Robert Porter told the city council that by not assuming a leadership role it had created a vacuum and thus the opportunity for Guzman to float a self-serving ordinance that will benefit outside interests looking to market marijuana in San Bernardino. He said the council should dispense with its backward-thinking and regressive marijuana prohibitionist attitude and instead embracing the era of toleration for an intoxicant that is being used by a wider and wider cross section of the population. He said he and others had previously appealed to the city to enact sensible marijuana regulations. “The people speaking against this measure don’t know what is going on here,” he said. “It has been forced on you guys – forced. What did we tell you? You wouldn’t listen. It is being forced. You don’t have a choice.”
Porter said the drive to limit people’s choices was not only wrongheaded but futile and unconstitutional. “Check into McDonald’s,” he said. “They are killing a lot of people, too.” He said that Mayor Davis was being intellectually dishonest in drawing an association between the location of dispensaries and the proliferation of murders in San Bernardino. He said such a disingenuous use of data could be turned on the council members themselves. “You all live here, too,” he said. “You can associate anything with all the murders in this town. Why did you not spend the whole weekend studying how to make this work for San Bernardino instead of trying to find a way to prevent it, when you can’t? The lawyers are telling you [that] you can’t. Work with it. Make this work for our city.”
Laurie Hassell, a teacher, said she believed there were “holes in this measure.” She referenced the restriction that required a dispensary to be at least 600 feet from a school. She said this was an insufficient buffer since “Many students walk to school. It is an easy walk for most students” providing “easy access for young people, students. I do not believe it would contribute to the quality of life for children in that area. This measure is not written for the benefit of the citizens of our city. It is written for those living outside our city to get what they want.”
Bruce Sibbett said that while he was in the U.S. Army during the Viet Nam War and in Fon Tiet, members of the 101st Airborne had obtained some marijuana and “after becoming high on the marijuana a couple of the soldiers decided they would step out onto the street and have an old western shoot out with .45 automatics. Unfortunately, they missed each other but they did hit a small girl down the street and killed her. In a war zone this would be called ‘collateral damage.’”

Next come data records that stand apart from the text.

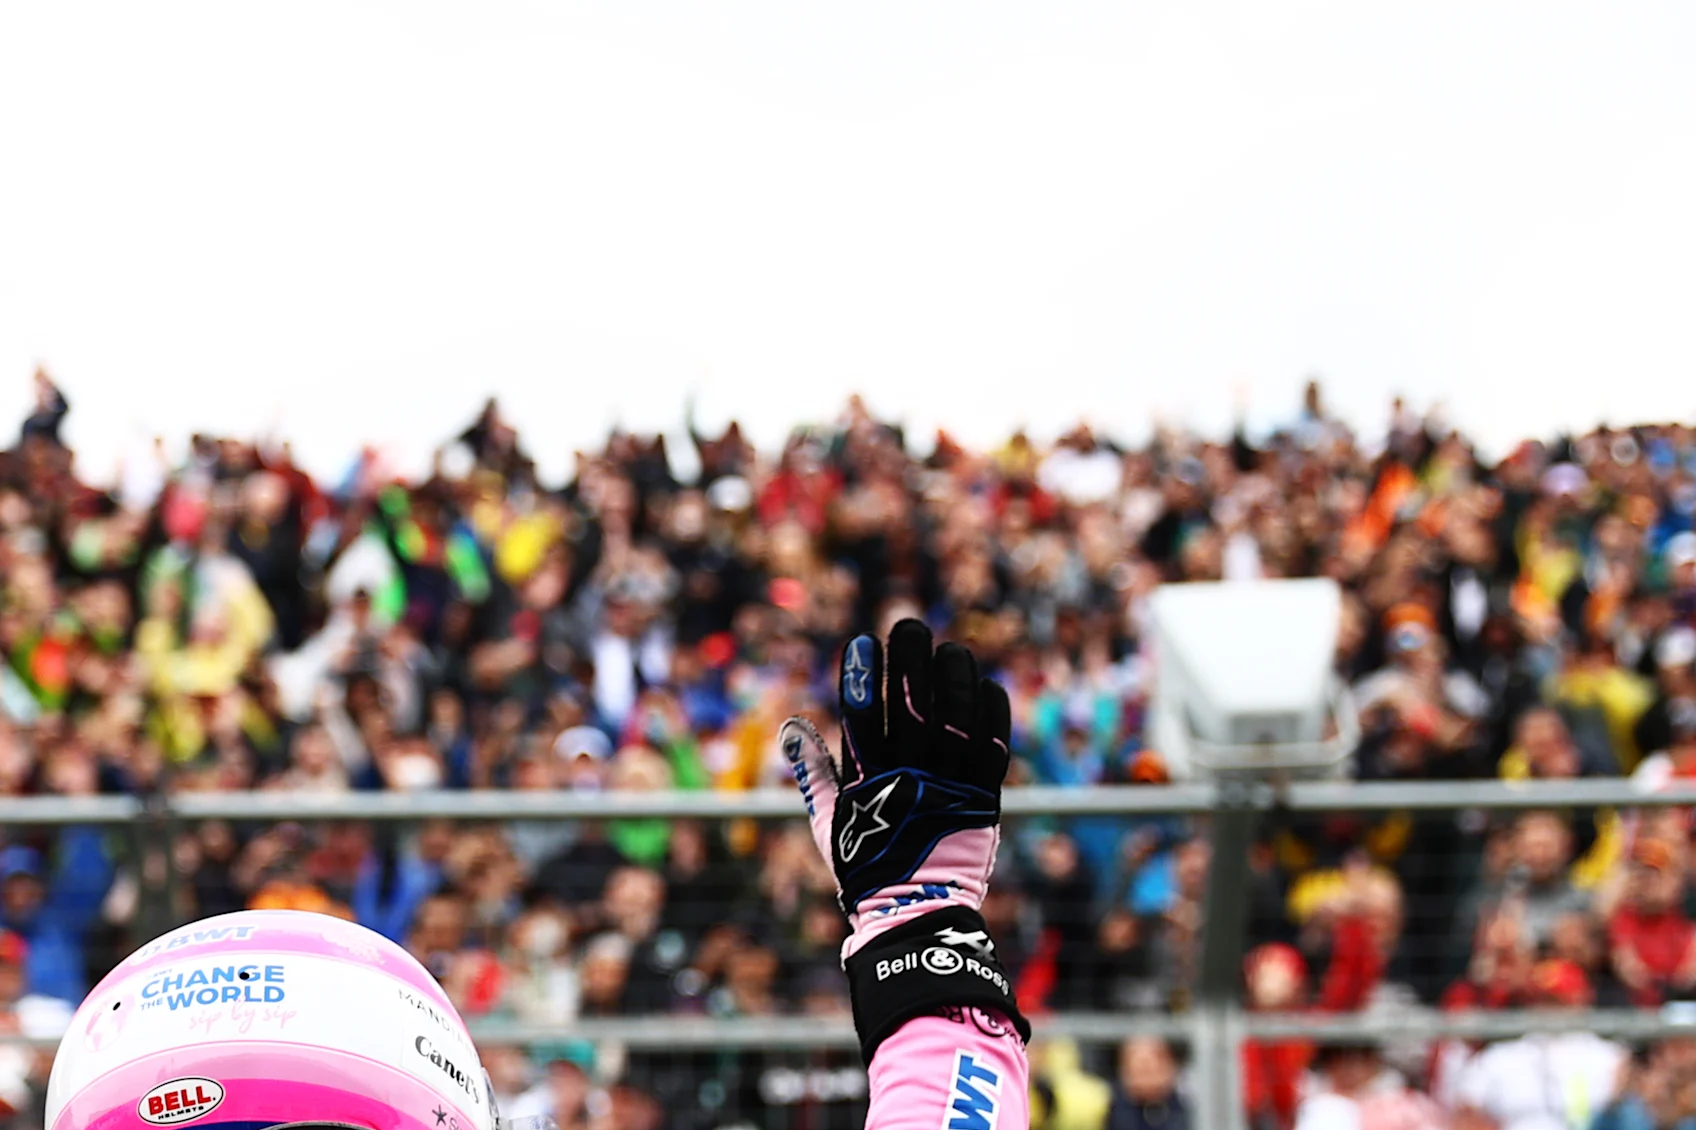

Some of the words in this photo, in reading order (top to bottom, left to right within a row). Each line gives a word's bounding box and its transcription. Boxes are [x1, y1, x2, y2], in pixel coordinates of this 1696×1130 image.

[166, 925, 255, 950] BWT
[875, 952, 918, 982] Bell
[141, 965, 286, 999] CHANGE
[140, 997, 165, 1011] THE
[166, 985, 286, 1011] WORLD
[189, 1010, 223, 1035] sip
[230, 994, 257, 1034] by
[262, 1004, 298, 1030] sip
[157, 1105, 205, 1120] HELMETS

Sibbett suggested that allowing marijuana to be grown in San Bernardino would result in another form of collateral damage. “If you have grow areas or even pot dispensaries but particularly grow areas close to residential or in and among residential, whether it is local people or gangs, they are going to want that valuable crop,” Sibbett said. “When they come in there to steal some of that valuable crop, the owners are going to want to defend that crop. Shootings are going to result. What cost are we going to place on our children or the collateral damage to our city?”
Donald Wright told the council, “If this vice is to be, then you must control the way it is operated. As much as I will fight to ensure that both measures fail, it is also your responsibility to provide a reasonable alternative, one that you can control and one that you have the authority to modify and fix and correct and take care of those things.”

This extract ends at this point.